Ian Jackson <[email protected]> writes:
> Russ Allbery writes:

>> We might want to recommend against the latter approach because it tends
>> to cause problems if upstream maintenance changes, but maybe that's
>> more of a developers' guide thing? (And I'm not sure it really causes
>> that many problems; the package just becomes non-native, which isn't
>> that painful as I recall.)

> Changing either source formats and/or version numbering to or from
> native works fine and doesn't cause any trouble, assuming that the
> version numbers are chosen reasonably sensibly.  So I don't think it's
> a practical problem.

> You make very good points above, which lead me to think recommending
> against these practices may be controversial.  It would be eaiser just
> to state the things that are definitely implied.

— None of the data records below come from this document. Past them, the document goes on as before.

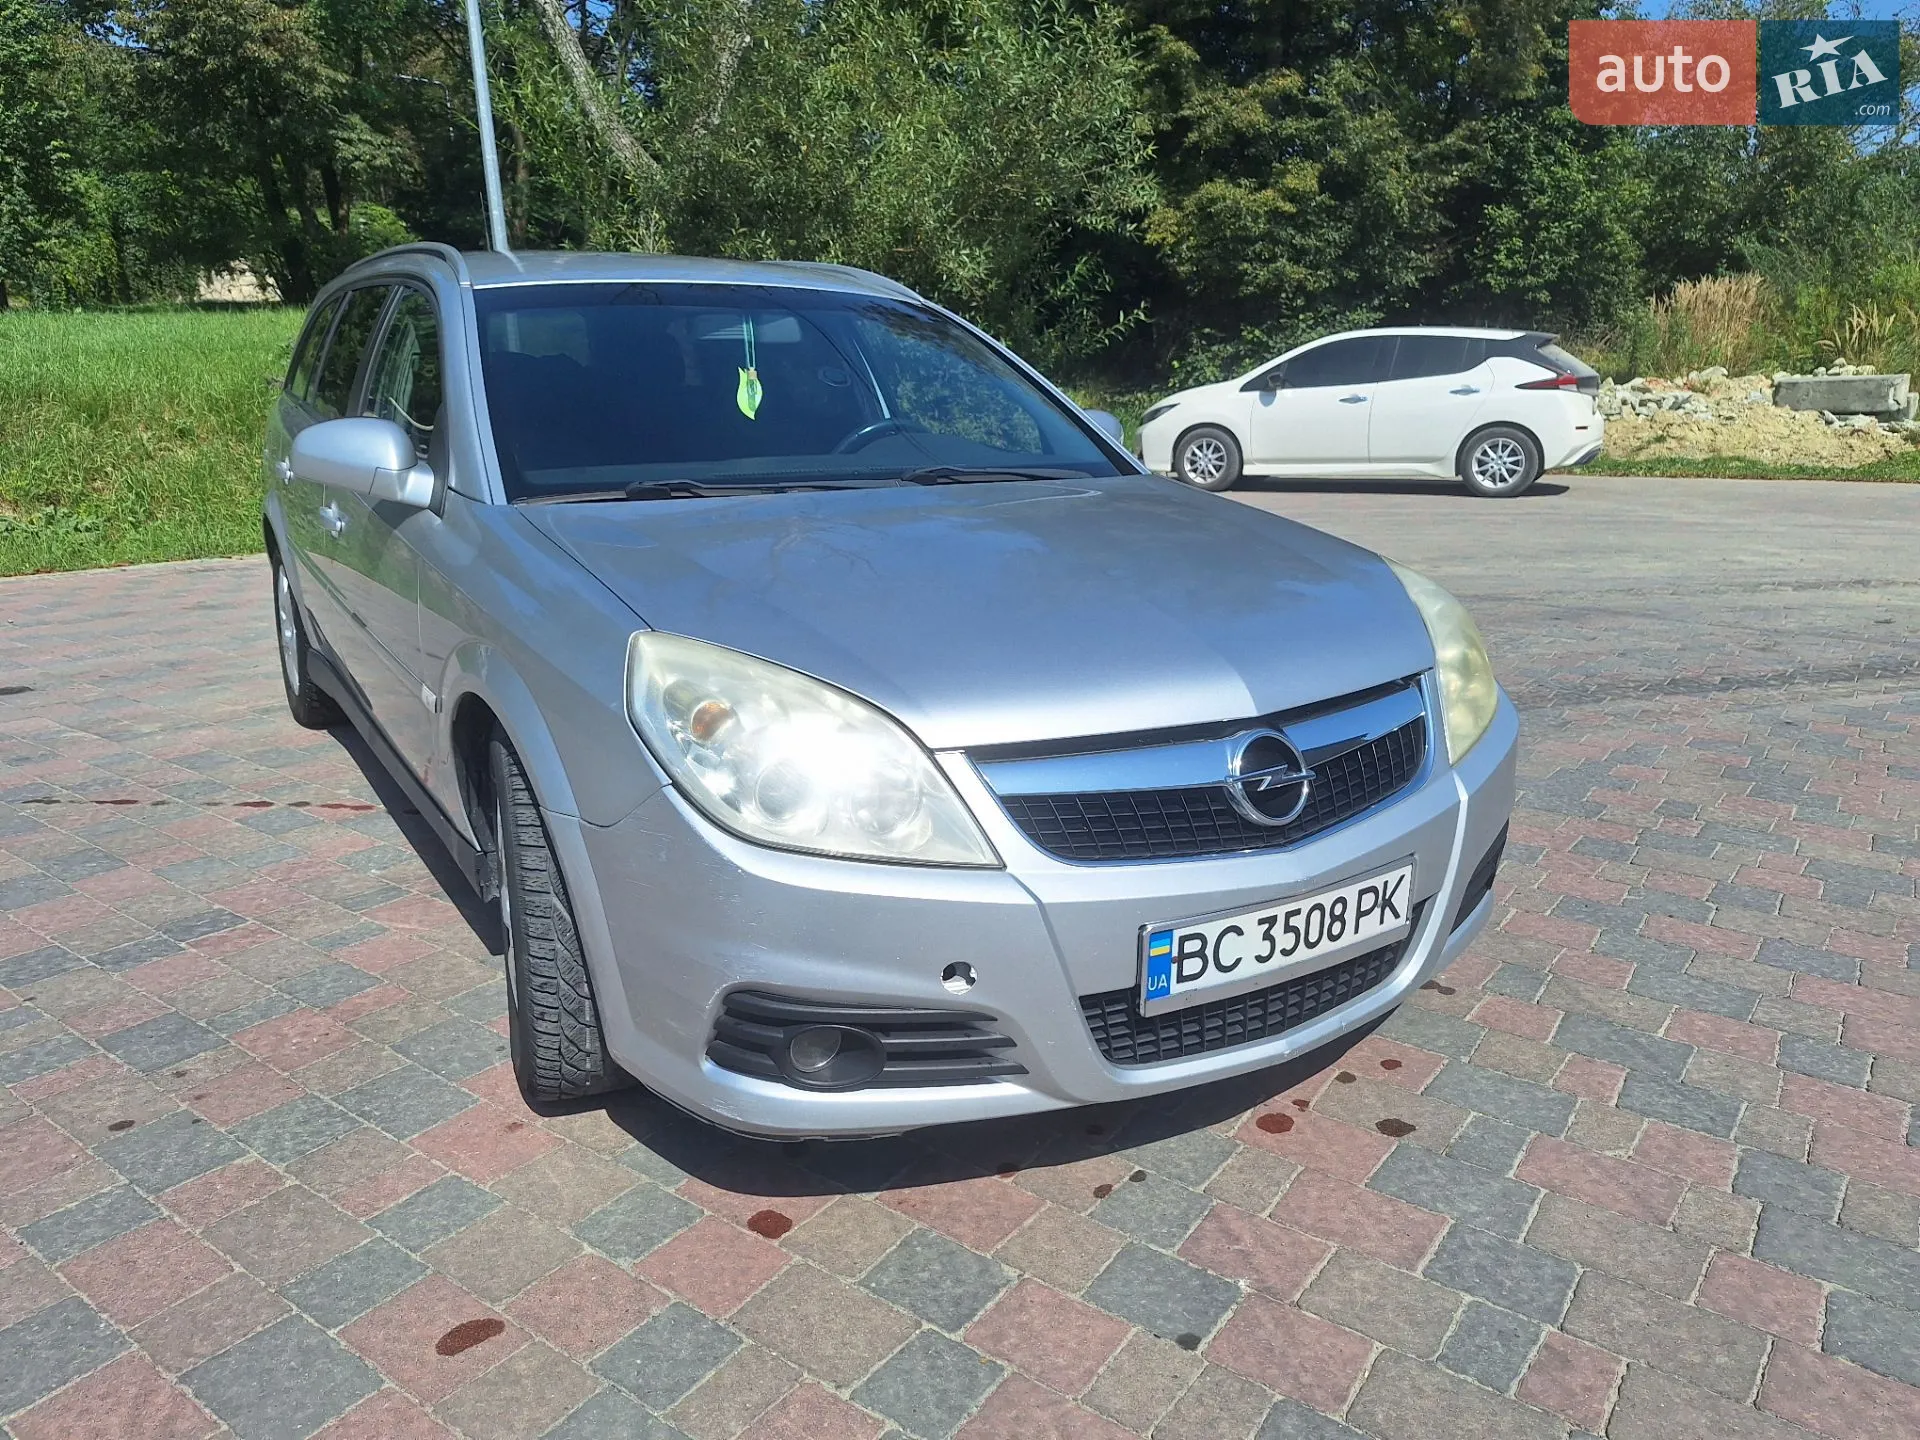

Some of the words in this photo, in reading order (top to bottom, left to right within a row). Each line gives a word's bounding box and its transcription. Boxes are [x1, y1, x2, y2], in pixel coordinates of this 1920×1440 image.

[1176, 924, 1244, 984] BC
[1254, 896, 1348, 964] 3508
[1353, 874, 1406, 935] PK
[1148, 974, 1168, 991] UA
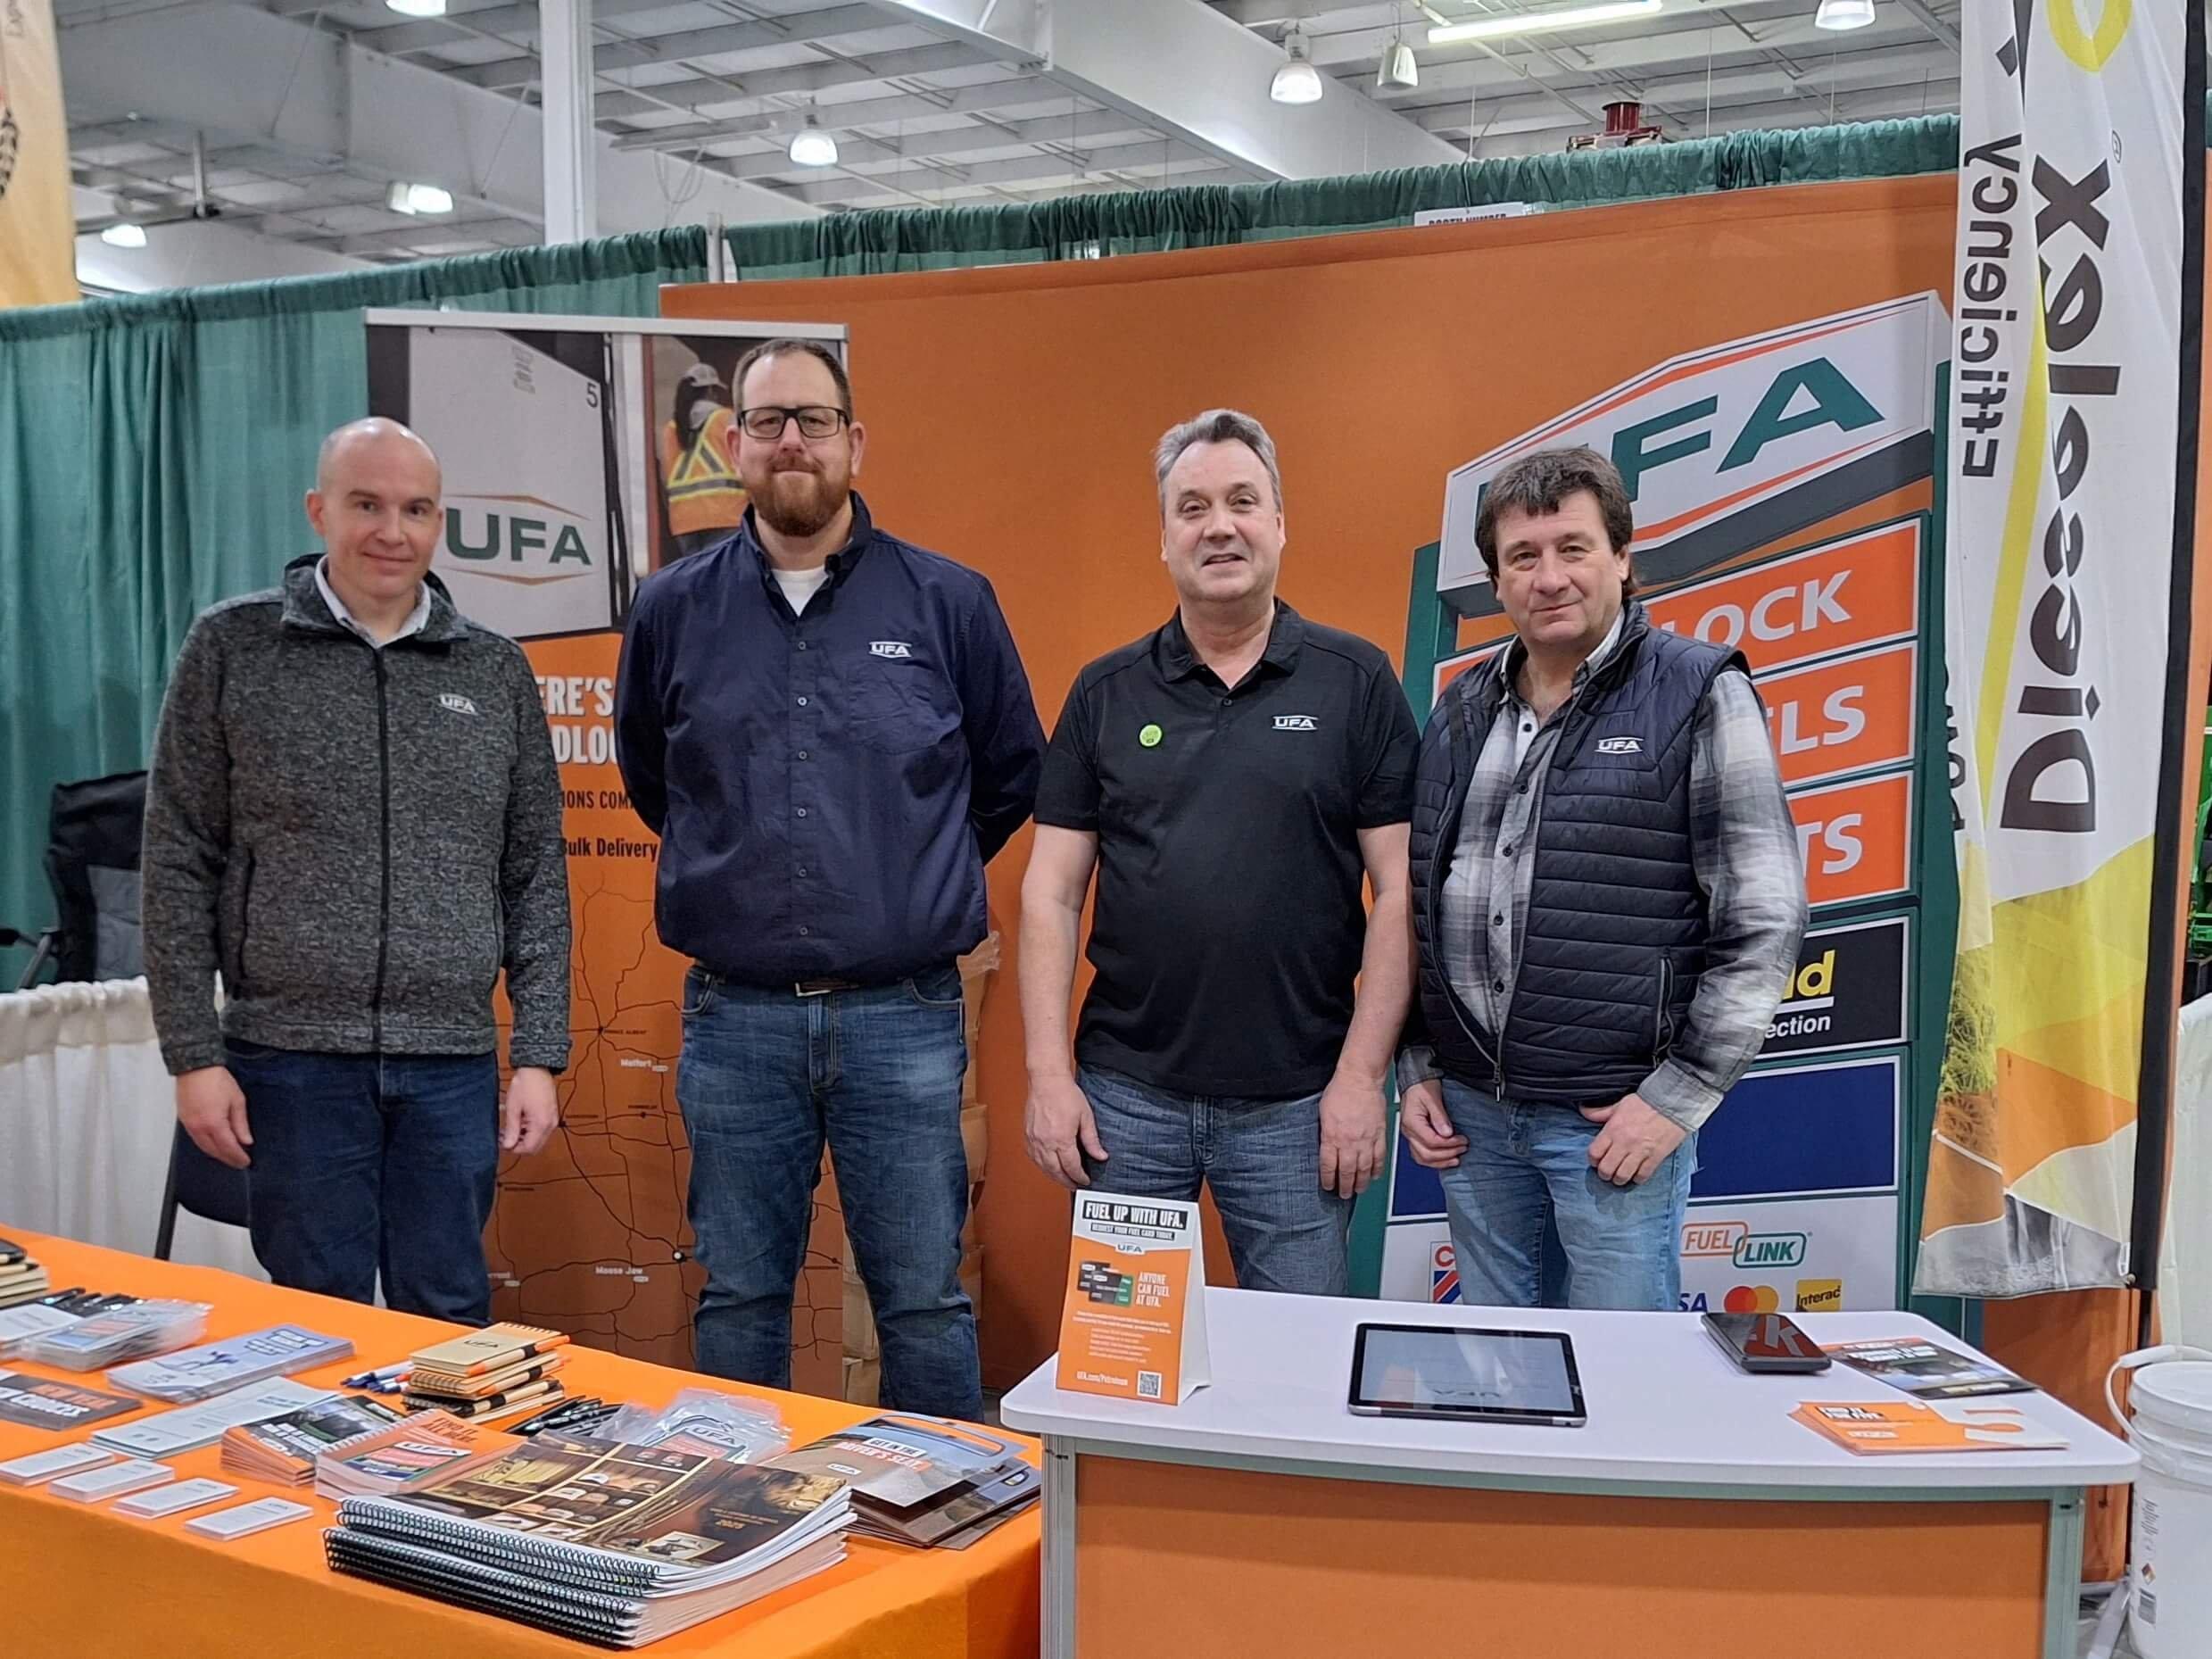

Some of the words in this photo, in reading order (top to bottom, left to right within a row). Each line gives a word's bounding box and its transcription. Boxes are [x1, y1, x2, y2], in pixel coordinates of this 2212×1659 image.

[585, 382, 599, 409] 5
[445, 506, 592, 567] UFA
[871, 643, 909, 657] UFA
[440, 694, 476, 713] UFA
[1274, 718, 1315, 728] UFA
[1766, 685, 1866, 755] LS
[551, 725, 617, 765] DLO
[1598, 740, 1641, 751] UFA
[596, 837, 659, 862] Delivery
[1085, 1202, 1111, 1220] FUEL
[1113, 1205, 1129, 1222] UP
[1130, 1207, 1158, 1225] WITH
[1159, 1210, 1183, 1228] UFA.
[1118, 1244, 1142, 1253] UFA
[1685, 1230, 1733, 1250] FUEL
[1744, 1240, 1797, 1263] LINK
[1136, 1295, 1145, 1305] AT
[1153, 1285, 1170, 1298] FUEL
[1796, 1285, 1842, 1309] Interac
[692, 1428, 736, 1445] UFA

Yeah, I think that's what I'd prefer. My belief from past discussions is
that there isn't a project consensus for ruling out the less-used
combinations because there are certain circumstances in which they're
quite useful, although there are a substantial number of people who don't
like those exceptions and would prefer we push people into a narrower
range of options.

>> Possibly add:

>>     and non-native source packages can have native versions (but this is
>>     rare).

>> although I'm not sure.

> Non-native source packages with native versions cannot function.  I'm
> pretty sure no-one is doing that.

Oh, yes, this is me stumbling over the definitional problem again. Not for
this change, but I really wish we had less ambiguous terminology. It is
incredibly hard (at least for me) not to mix up the three concepts here:

* Non-native maintenance (there is an upstream independent of Debian and
  the Debian package is a packaging of that upstream).

* Non-native package (the packaging splits the upstream source from the
  Debian packaging and modifications)

* Non-native version (the package version has a debian_revision component)

I was thinking of native versions with non-native maintenance, and then
wrote native versions with non-native packages, which you are of course
correct is impossible. Your text is good here.